Saved entries
********************

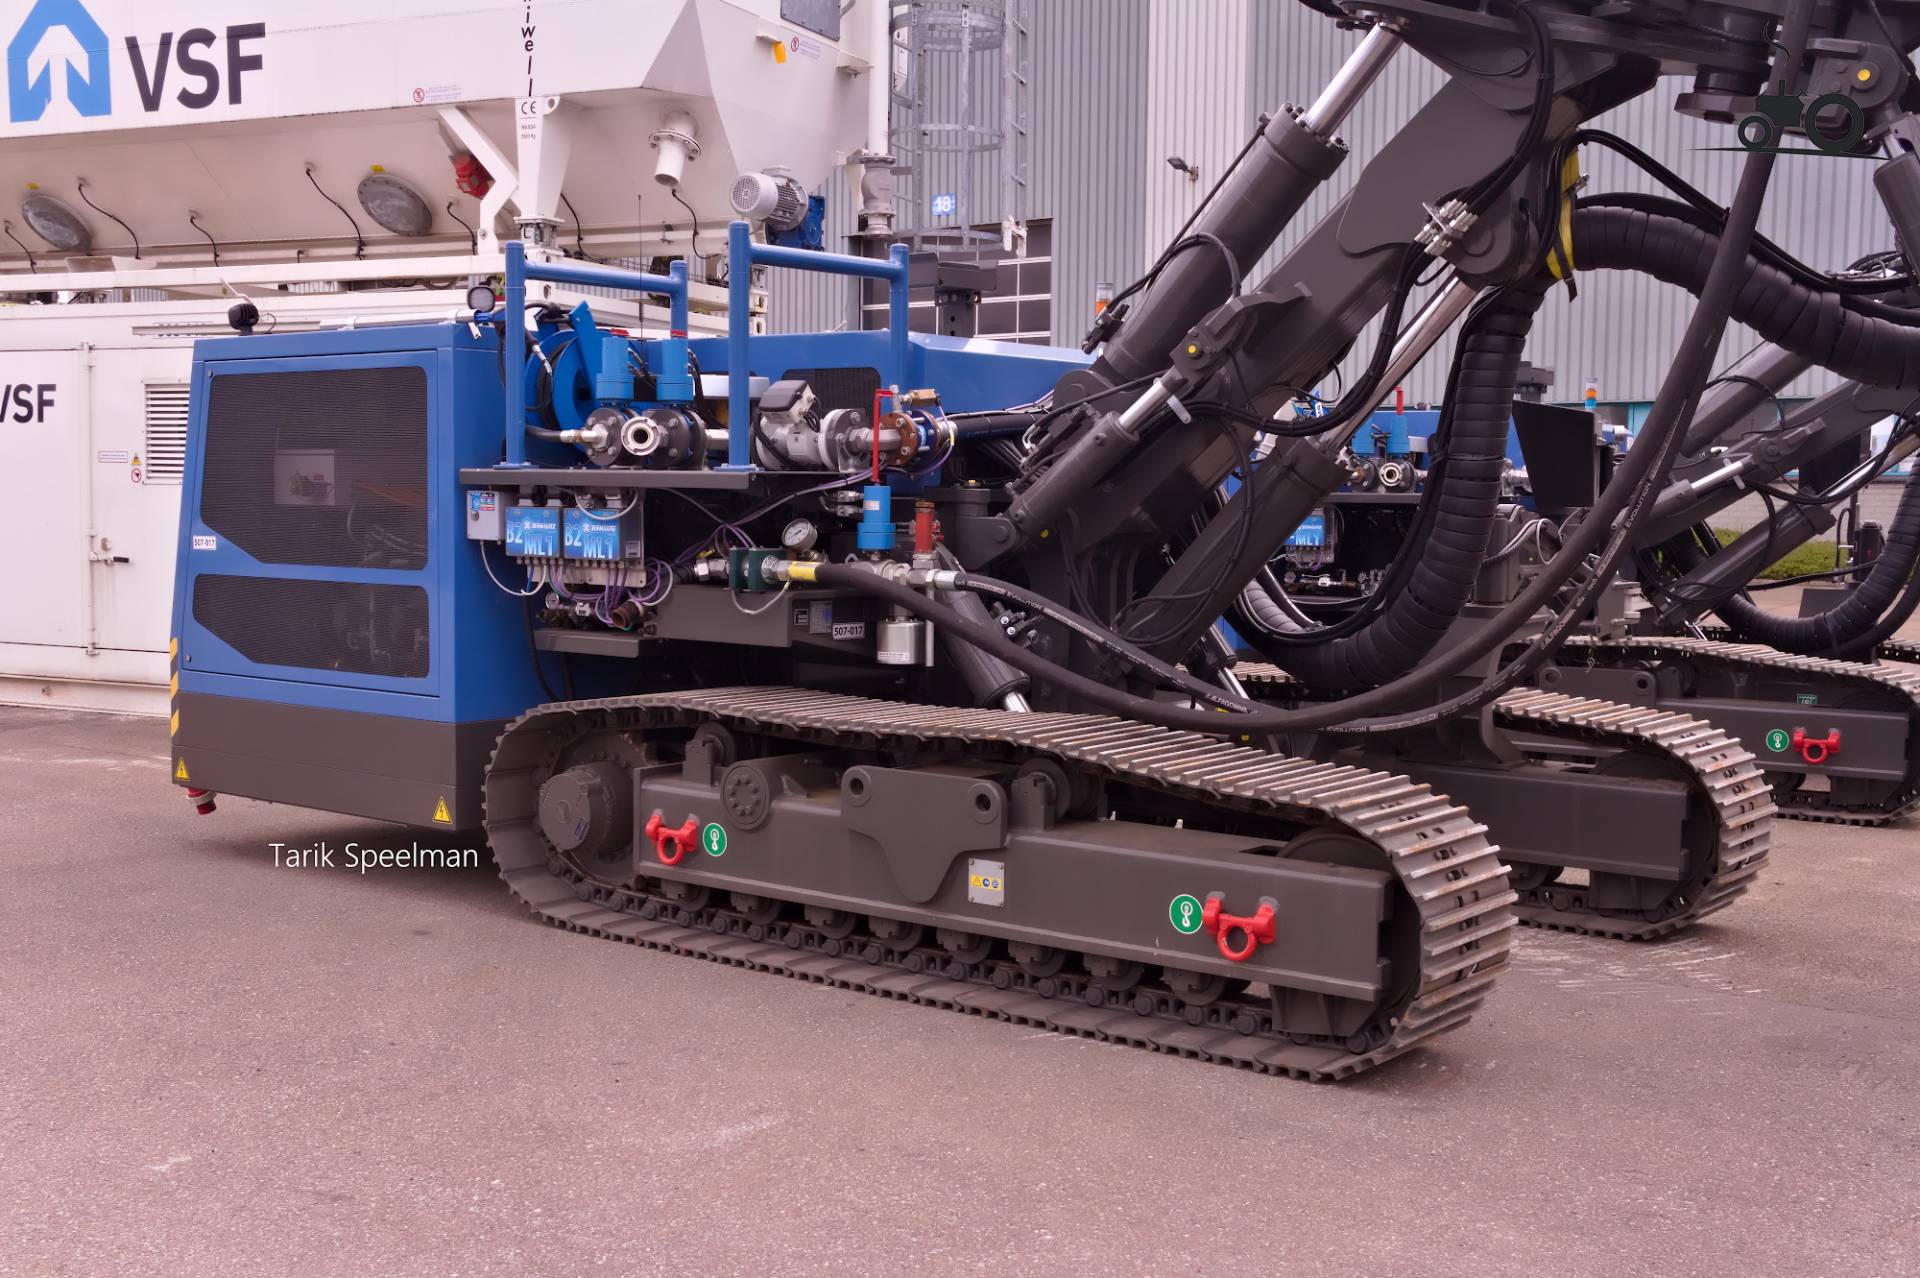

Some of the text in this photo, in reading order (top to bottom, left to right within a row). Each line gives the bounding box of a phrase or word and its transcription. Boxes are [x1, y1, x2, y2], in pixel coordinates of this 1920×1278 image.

[521, 0, 536, 97] iwell
[124, 22, 266, 112] VSF
[524, 534, 553, 556] ML1
[564, 523, 582, 547] B2
[583, 537, 613, 559] ML1
[834, 625, 863, 637] 507-017

********************

Your objective
The records are to be returned word for word, without any of their pictures.

Answer space
Some of the text in this photo, in reading order (top to bottom, left to right within a row). Each line gives the bounding box of a phrase or word and its transcription. Boxes are [x1, y1, x2, y2], in pixel coordinates of this 1920×1278 image.

[521, 0, 536, 97] iwell
[124, 22, 266, 112] VSF
[524, 534, 553, 556] ML1
[564, 523, 582, 547] B2
[583, 537, 613, 559] ML1
[834, 625, 863, 637] 507-017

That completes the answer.